TASK TO CARRY OUT: Could every line of the data be copied out once more, exactly?

Recorded data
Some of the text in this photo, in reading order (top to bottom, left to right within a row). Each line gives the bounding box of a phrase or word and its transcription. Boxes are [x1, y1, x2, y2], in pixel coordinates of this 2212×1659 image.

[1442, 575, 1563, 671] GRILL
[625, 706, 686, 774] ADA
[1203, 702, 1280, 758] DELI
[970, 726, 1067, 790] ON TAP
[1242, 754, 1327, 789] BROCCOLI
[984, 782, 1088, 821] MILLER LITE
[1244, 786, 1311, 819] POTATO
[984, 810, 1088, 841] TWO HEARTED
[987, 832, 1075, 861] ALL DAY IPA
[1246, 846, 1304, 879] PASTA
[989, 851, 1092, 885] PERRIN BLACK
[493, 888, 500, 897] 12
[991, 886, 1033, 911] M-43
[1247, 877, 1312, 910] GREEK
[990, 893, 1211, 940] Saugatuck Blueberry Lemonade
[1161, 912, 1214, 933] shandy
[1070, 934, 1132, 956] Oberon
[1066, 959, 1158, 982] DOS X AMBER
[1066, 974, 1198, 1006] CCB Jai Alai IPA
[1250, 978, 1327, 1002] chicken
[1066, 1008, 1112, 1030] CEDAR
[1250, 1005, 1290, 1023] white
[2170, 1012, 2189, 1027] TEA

RESULT FOR THIS TASK:
Some of the text in this photo, in reading order (top to bottom, left to right within a row). Each line gives the bounding box of a phrase or word and its transcription. Boxes are [x1, y1, x2, y2], in pixel coordinates of this 2212×1659 image.

[1442, 575, 1563, 671] GRILL
[625, 706, 686, 774] ADA
[1203, 702, 1280, 758] DELI
[970, 726, 1067, 790] ON TAP
[1242, 754, 1327, 789] BROCCOLI
[984, 782, 1088, 821] MILLER LITE
[1244, 786, 1311, 819] POTATO
[984, 810, 1088, 841] TWO HEARTED
[987, 832, 1075, 861] ALL DAY IPA
[1246, 846, 1304, 879] PASTA
[989, 851, 1092, 885] PERRIN BLACK
[493, 888, 500, 897] 12
[991, 886, 1033, 911] M-43
[1247, 877, 1312, 910] GREEK
[990, 893, 1211, 940] Saugatuck Blueberry Lemonade
[1161, 912, 1214, 933] shandy
[1070, 934, 1132, 956] Oberon
[1066, 959, 1158, 982] DOS X AMBER
[1066, 974, 1198, 1006] CCB Jai Alai IPA
[1250, 978, 1327, 1002] chicken
[1066, 1008, 1112, 1030] CEDAR
[1250, 1005, 1290, 1023] white
[2170, 1012, 2189, 1027] TEA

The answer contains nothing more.